Au cœur de Lavaux, dans le triangle Chexbres, Rivaz et Saint-Saphorin, sur quelques hectares, le vignoble ne surplombe pas directement le Léman en coteaux abrupts. Vu d’en haut, il a presque des allures de collines champenoises, à quelques centaines de mètres du Conservatoire mondial du chasselas (lire ci-dessus).
Au sommet du triangle, juste en dessous de Chexbres, dans la végétation, une grande demeure vigneronne construite autour et sur une cave du 16e siècle. C’est le centre névralgique du Domaine Bovy, 11 hectares dans les appellations Epesses, Dézaley, Saint-Saphorin et Chardonne, pour une production de 65000 bouteilles par an.
C’est le domaine des frères Vincent et Eric Bovy, deux des fils de Bernard, pionnier de l’inscription de Lavaux au patrimoine de l’Unesco. Le premier est maître du vignoble, le second maître de l’accueil, une spécialité de la maison.
Car travail de la vigne et du vin oblige, ils ne sont pas nombreux les vignerons de Lavaux à pouvoir afficher une disponibilité permanente, une présence sur place sept jours sur sept. C’est le travail d’Eric, grand communicateur, multilingue prêt à suivre bientôt des cours de japonais.
Dans un grand jardin d’hiver et dans le jardin en terrasse, il y reçoit tout au long de l’année pour des dégustations, des repas, des soirées, des mariages. Par groupes, plus de deux cents l’an dernier, dont une cinquantaine de Japonais, via un réseau qui va d’un grand opérateur aux hôtels de la région en passant par Montreux-Vevey Tourisme.
Sans passer par les foires, «notre politique est de faire venir les gens, de les rencontrer ici», souligne Eric Bovy. Avec pour seule intendance une femme de ménage, tout le reste étant du ressort des traiteurs (une obligation) de la région avec qui il travaille.
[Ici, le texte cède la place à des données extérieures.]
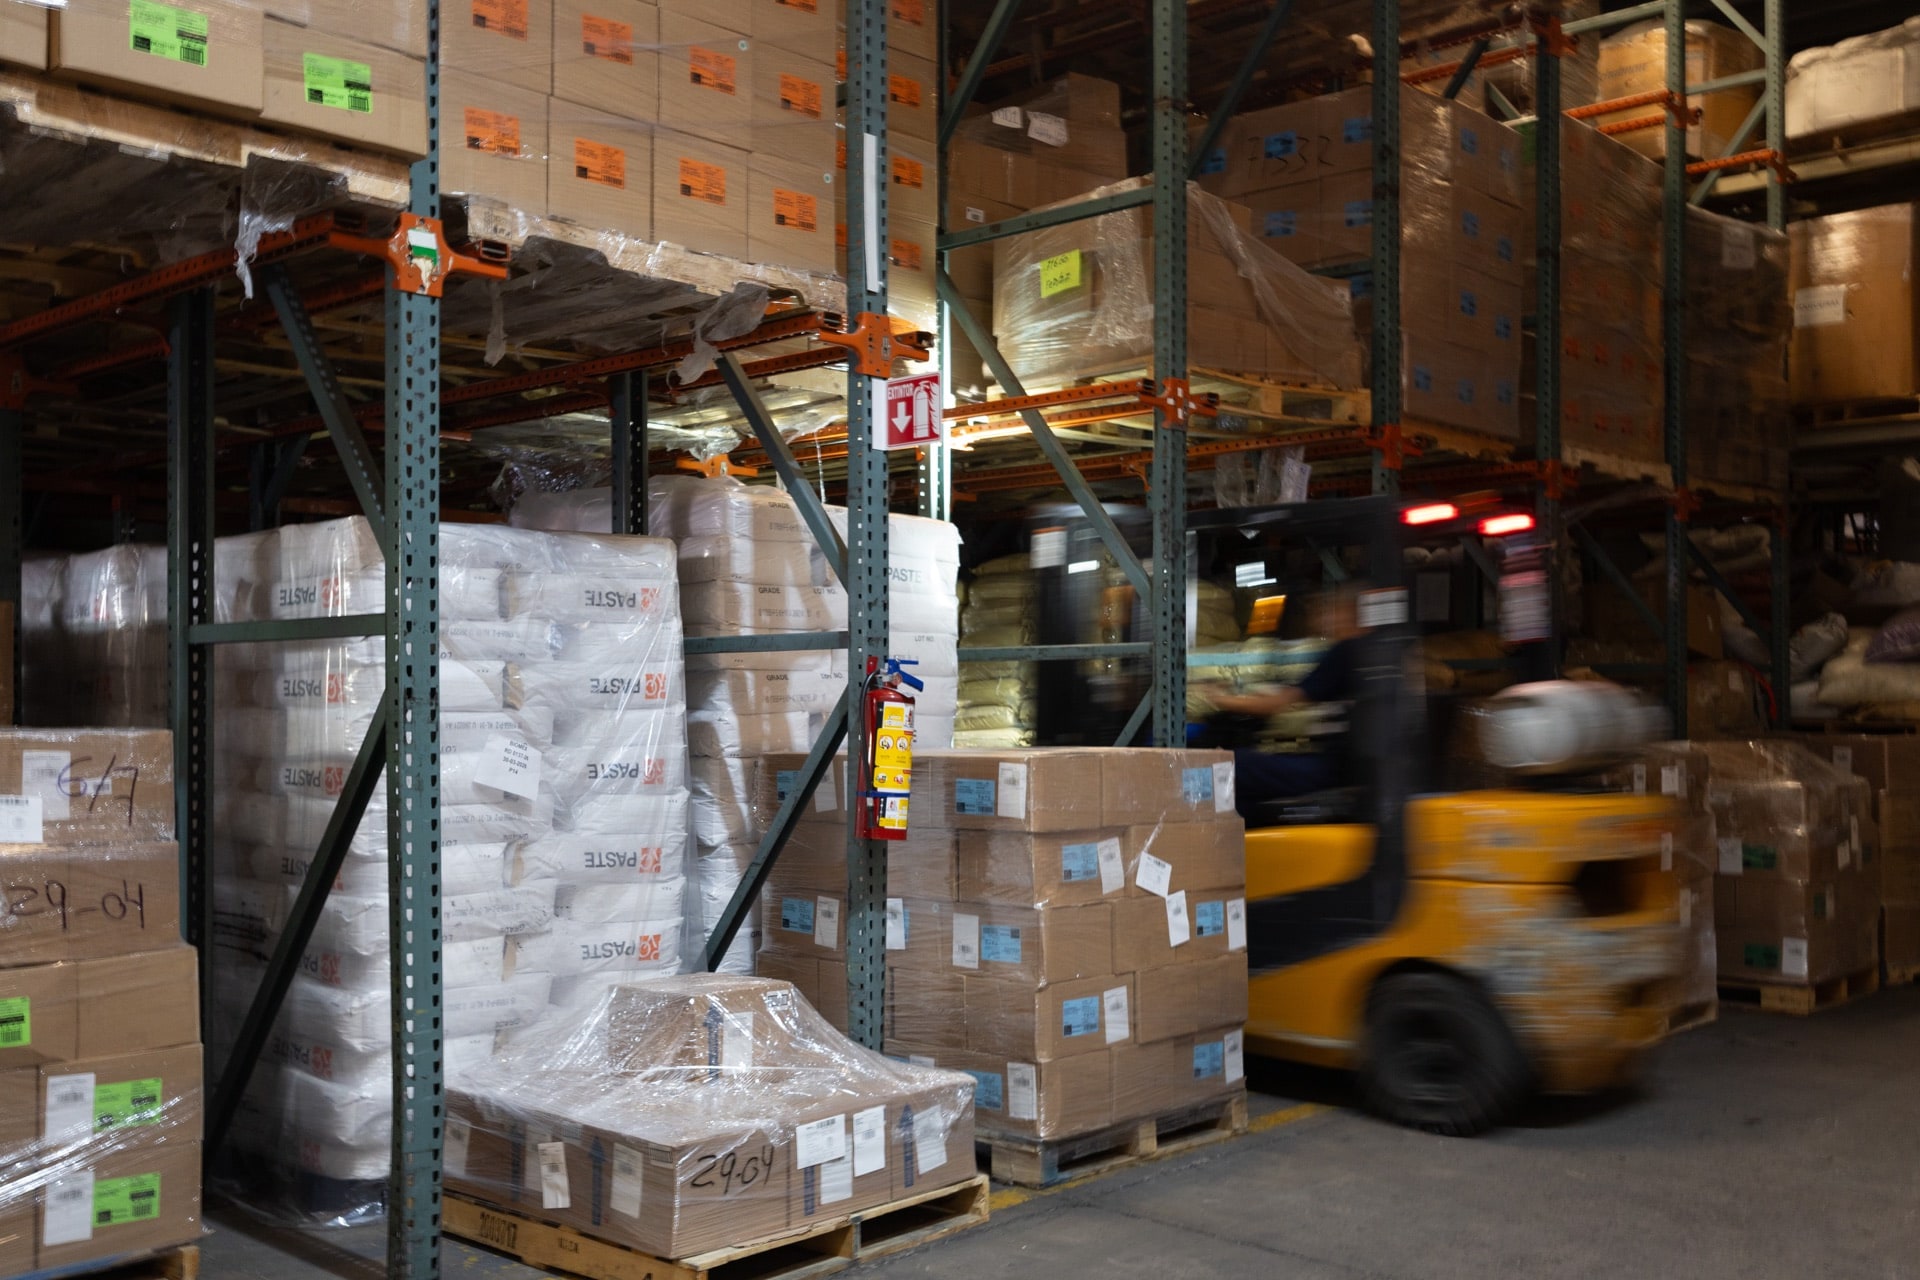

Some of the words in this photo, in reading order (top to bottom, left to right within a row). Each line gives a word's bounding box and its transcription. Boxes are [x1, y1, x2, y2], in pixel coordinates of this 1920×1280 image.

[887, 382, 914, 401] EXTINTOR
[887, 567, 922, 583] PASTE
[278, 585, 317, 607] PASTE
[583, 590, 637, 608] PASTE
[758, 586, 781, 595] GRADE
[282, 679, 322, 697] PASTE
[589, 677, 641, 694] PASTE
[283, 768, 321, 788] PASTE
[508, 767, 519, 775] P14
[586, 762, 640, 780] PASTE
[281, 856, 311, 877] ASTE
[583, 851, 637, 868] PASTE
[580, 940, 636, 960] PASTE
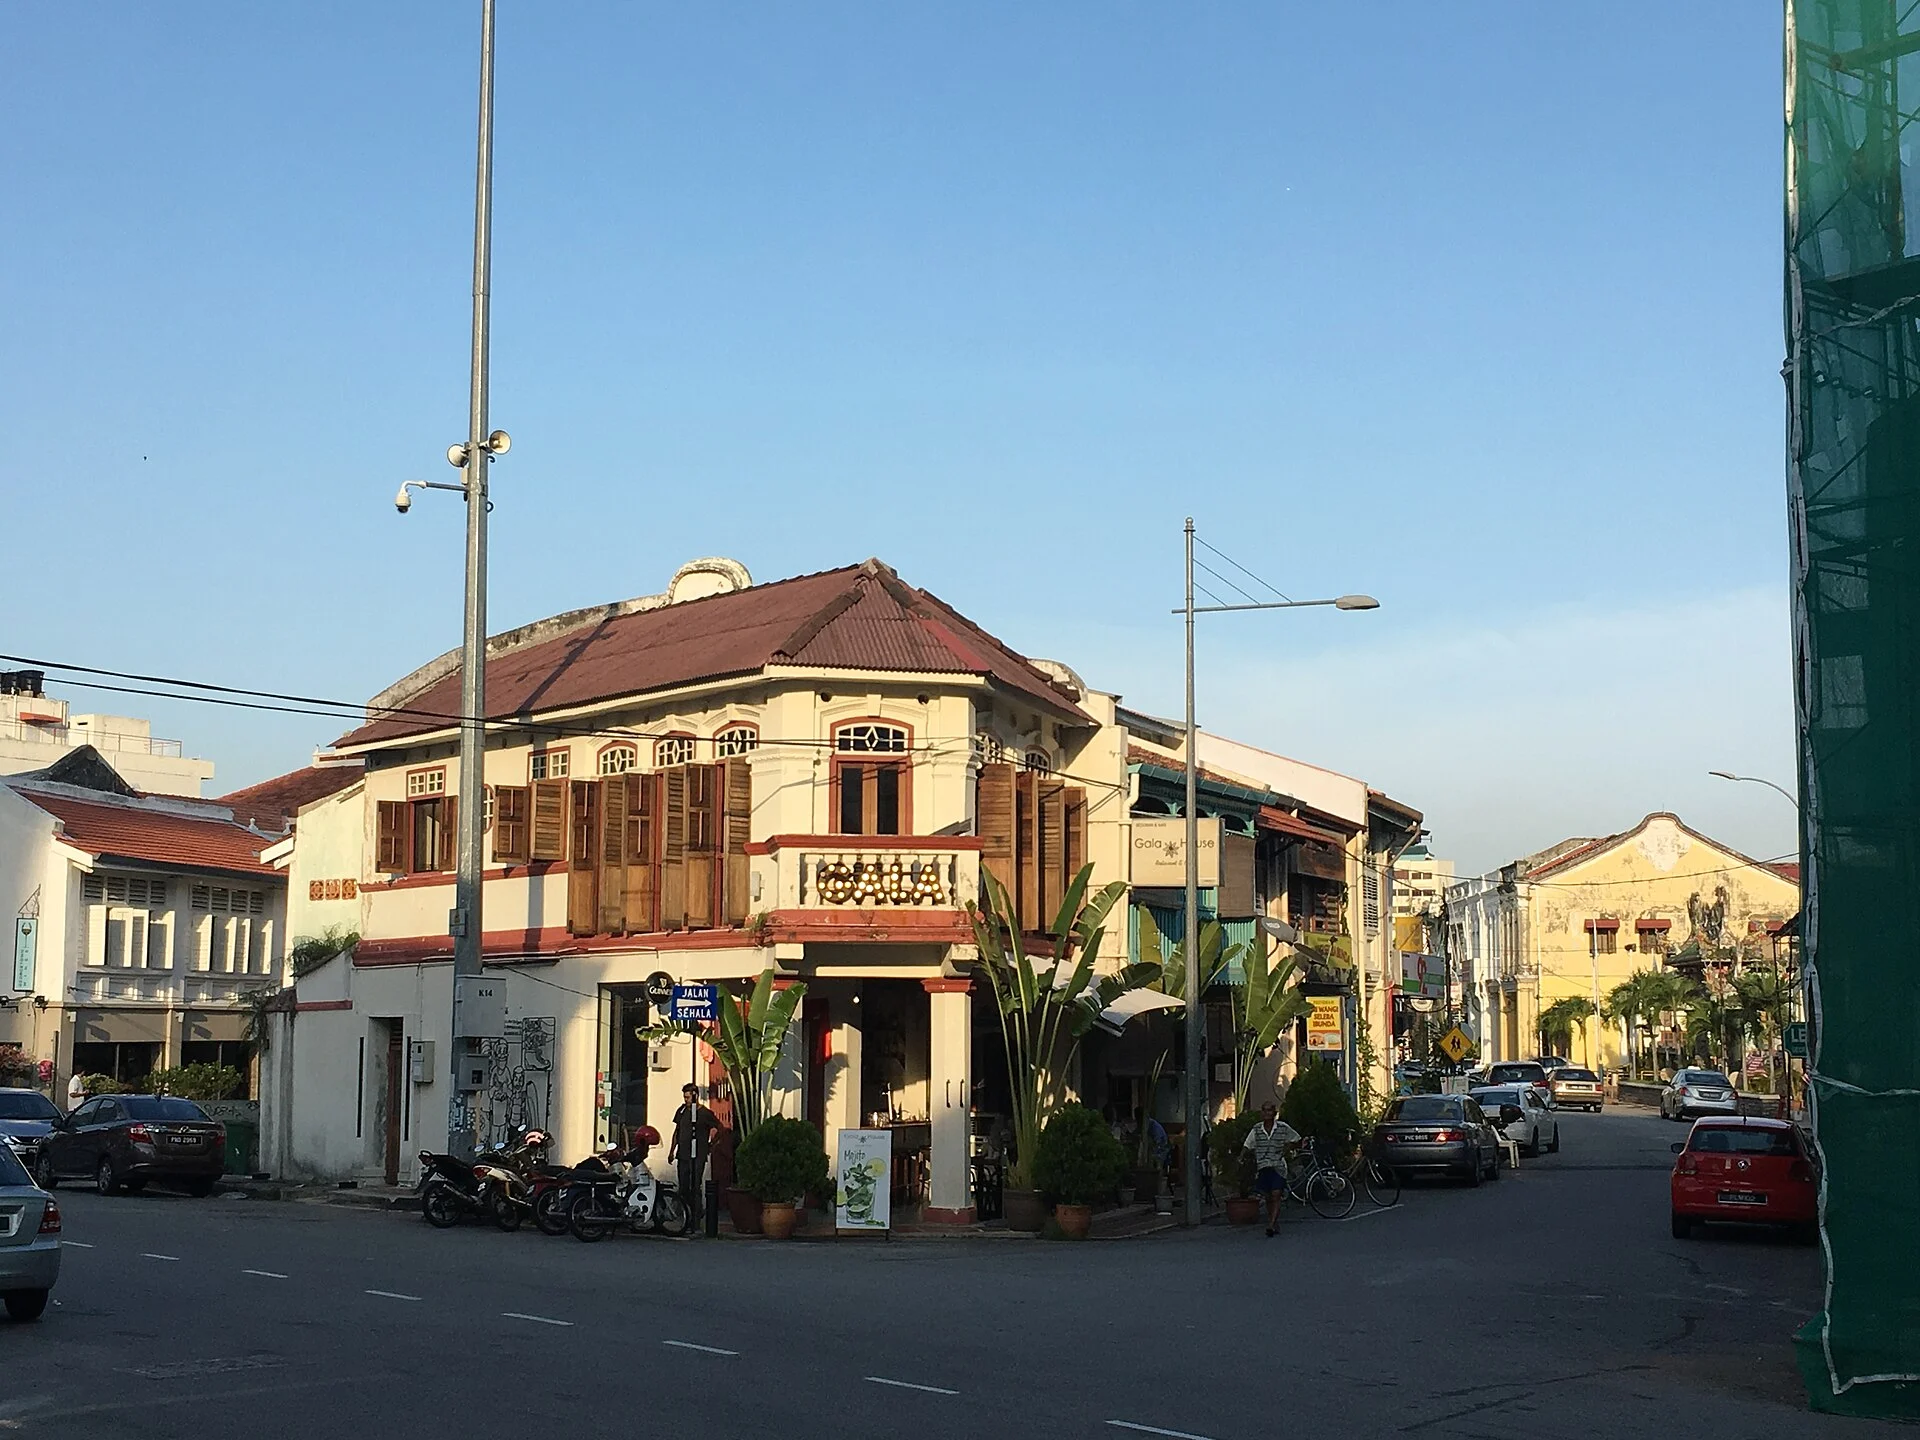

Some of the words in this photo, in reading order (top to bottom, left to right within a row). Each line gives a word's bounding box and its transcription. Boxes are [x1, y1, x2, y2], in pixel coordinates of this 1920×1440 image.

Mais en individuel également, «et de plus en plus depuis l’inscription au patrimoine mondial», s’enthousiasme-t-il. Des promeneurs que les commerçants de Chexbres ou le Point «I» adressent aux… Bovy. Et qui reviendront avec d’autres. Pour, vente directe ou consommation sur place, assurer la commercialisation d’un peu moins de 4000 bouteilles. De quoi, avec la location du jardin d’hiver, assurer un salaire et la promotion du domaine.